Thank you for your help.




n∆te


----------



## frigginawesomeimontv (Oct 20, 2012)

i would also like to know.

m∆t


----------



## neuroanatomist (Oct 20, 2012)

I would not expect them to update the 15-85mm any time soon. 

The 18-135mm was updated mainly to include STM, since it is sold as a kit lens with the T4i/650D. The T4i/650D is Canon's first dSLR to provide AF during video shooting, and STM lenses are optimized for that use (smooth AF, as opposed to the 'jerky' AF you get with micromotor or USM lenses).

The 15-85mm lens is just about the same price as the T4i itself, and lenses at that price point are not appealing to _most_ Rebel/xxxD shooters. So, likely no need for STM in that lens. Maybe if Canon adds video AF to a higher end body, we'll see more STM lenses down the line...maybe. But there's a trade-off - STM lenses focus more slowly than their USM counterparts, and that's going to be a turnoff for many users of high end lenses. The 18-135mm was not USM anyway, but micromotor - STM made is smoother without a focus speed penalty.

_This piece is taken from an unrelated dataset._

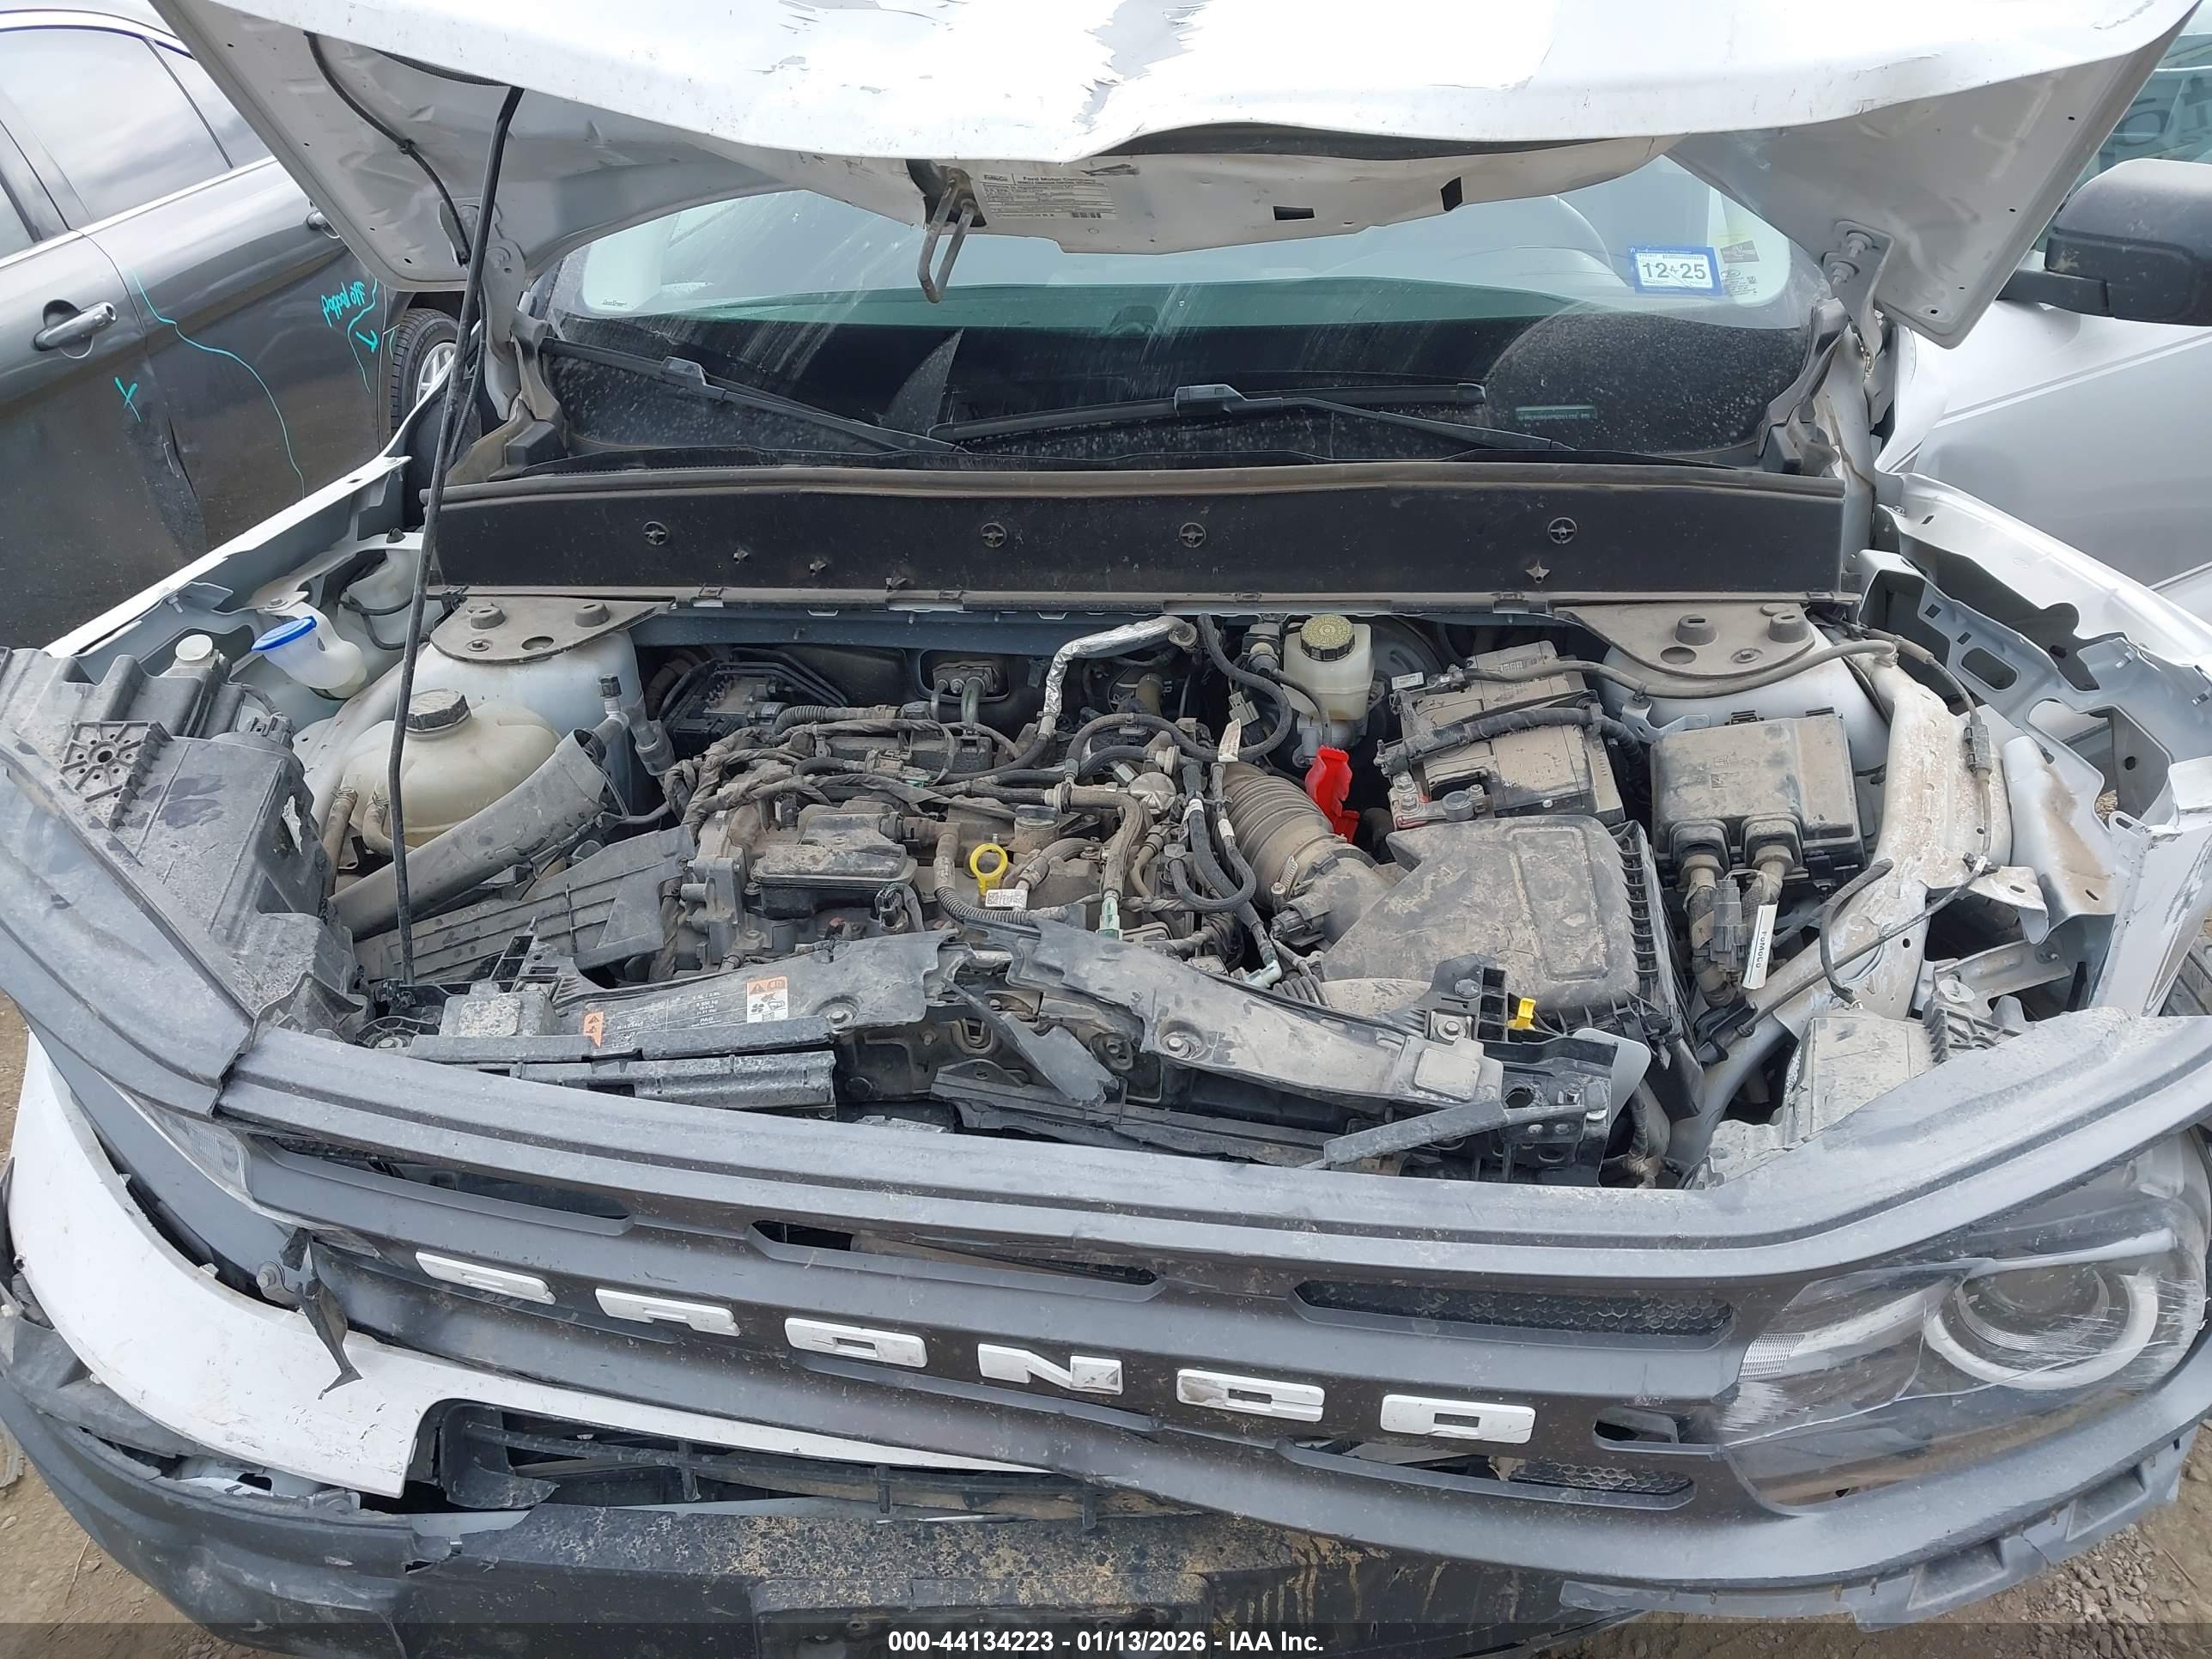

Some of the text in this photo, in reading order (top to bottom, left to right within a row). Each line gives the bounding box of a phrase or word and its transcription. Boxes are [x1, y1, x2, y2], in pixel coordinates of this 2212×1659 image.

[1643, 262, 1706, 279] 12 25
[415, 1252, 1536, 1443] BRONCO

Optically, the 15-85mm is already delivering L-series performance (though without the L-series build). Given that, I'm not sure there's much of a need for an update.


----------



## trygved (Oct 20, 2012)

neuroanatomist said:


> I would not expect them to update the 15-85mm any time soon.
> 
> The 15-85mm lens is just about the same price as the T4i itself, and lenses at that price point are not appealing to _most_ Rebel/xxxD shooters. So, likely no need for STM in that lens. Maybe if Canon adds video AF to a higher end body, we'll see more STM lenses down the line...maybe. But there's a trade-off - STM lenses focus more slowly than their USM counterparts, and that's going to be a turnoff for many users of high end lenses. The 18-135mm was not USM anyway, but micromotor - STM made is smoother without a focus speed penalty.
> 
> Optically, the 15-85mm is already delivering L-series performance (though without the L-series build). Given that, I'm not sure there's much of a need for an update.



+1


----------



## stills.lytic (Oct 20, 2012)

trygved said:


> neuroanatomist said:
> 
> 
> > I would not expect them to update the 15-85mm any time soon.
> ...





Thank you thank you, that was extremely helpful.


----------



## michi (Oct 20, 2012)

I have this lens and it's fantastic. I don't see Canon updating it anytime soon. Maybe in another five years but you will be missing many opportunities waiting for it.


----------



## jthomson (Oct 20, 2012)

stills.lytic said:


> The EF-S 15-85mm turns 4 years old next year, which is quite old in technology years (in my humble opinion). n∆te



4 years for a lens is not old technology wise. The update cycle for lenses is more like 10 years. Many canon lenses are approaching 20 years since they were last updated. The 200mm F2.8L II is one of those lenses. Optically it is about as good as it gets, the biggest changes that have occurred since its release are in IS systems
The 70-200mm lens has had two updates one was the addition of IS and the second was to the 70-200mm f2.8 L IS II, which updated the IS and the optics. The 70-200 is now slightly better optically at 200mm than the 200mm f2.8L II prime. But i will emphasize the slightly. Lens technology doesn't advance at anywhere near the speed of microchips. The biggest changes to lenses have been the addition of AF motors, switching to USM (and now STM), the addition of the original IS at two stops and the update to 4 stop IS. Optically the changes to prime lenses haven't been that significant, companies like Leica and Ziess have been making amazing manual focus prime lenses for over 50 years. I have a couple of 30 year old minolta prime lenses that i have been re-using on my m43 camera that are as good optically as the new lenses being sold by Panasonic and Olympus. Zoom lenses are a different story, manufacturing tolerances and computer aided design have significantly improved zoom lenses compared to 30 years ago. The 15-85 lens that you mention has a zoom ratio of 5.7 you didn,t see that 30 years ago.


----------



## stefsan (Oct 20, 2012)

neuroanatomist said:


> Optically, the 15-85mm is already delivering L-series performance (though without the L-series build). Given that, I'm not sure there's much of a need for an update.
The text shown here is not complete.